## Data records

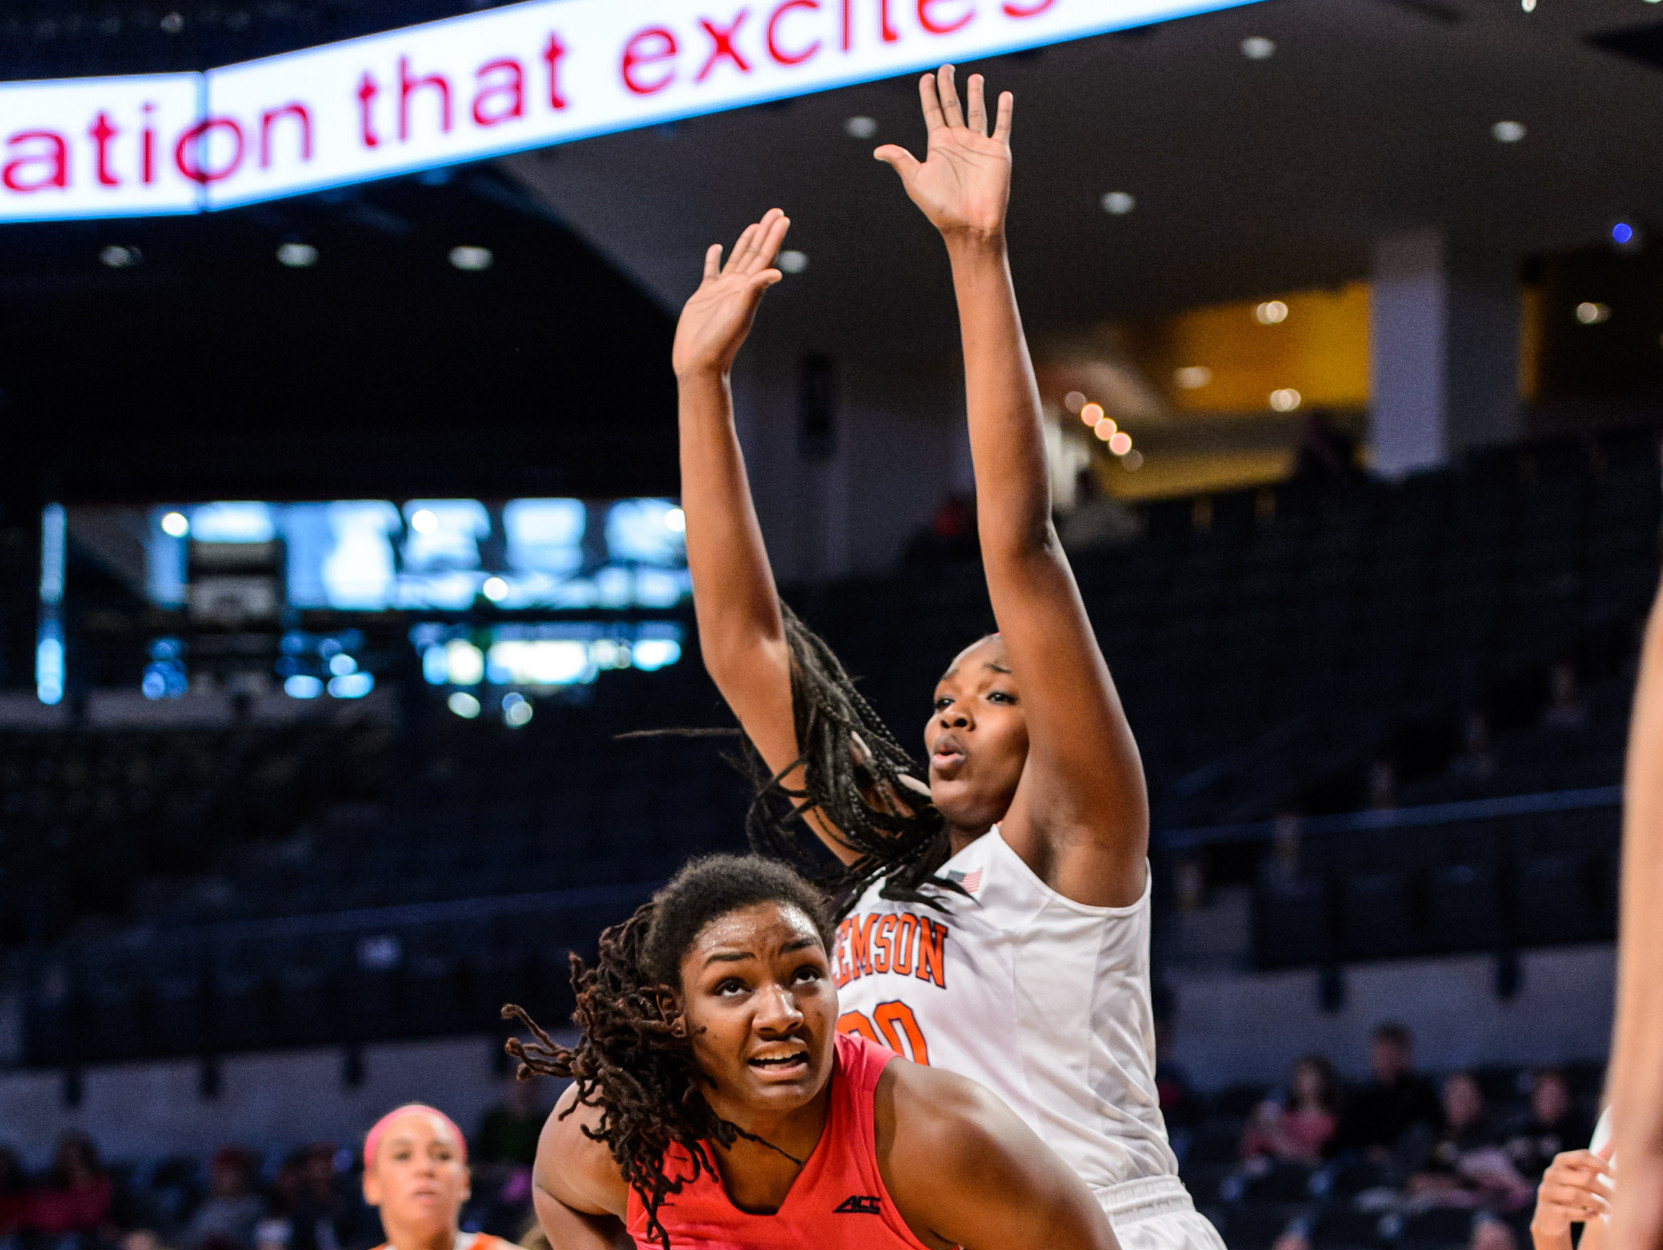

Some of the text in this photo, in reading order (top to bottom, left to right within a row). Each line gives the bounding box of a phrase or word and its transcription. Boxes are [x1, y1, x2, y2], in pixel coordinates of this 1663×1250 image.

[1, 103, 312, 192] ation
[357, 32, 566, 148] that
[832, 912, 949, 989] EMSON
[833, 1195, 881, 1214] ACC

## Task
Only the records are wanted, copied exactly, with the pictures dropped.

## Task output
Some of the text in this photo, in reading order (top to bottom, left to right within a row). Each line gives the bounding box of a phrase or word and its transcription. Boxes are [x1, y1, x2, y2], in pixel coordinates of this 1663×1250 image.

[1, 103, 312, 192] ation
[357, 32, 566, 148] that
[832, 912, 949, 989] EMSON
[833, 1195, 881, 1214] ACC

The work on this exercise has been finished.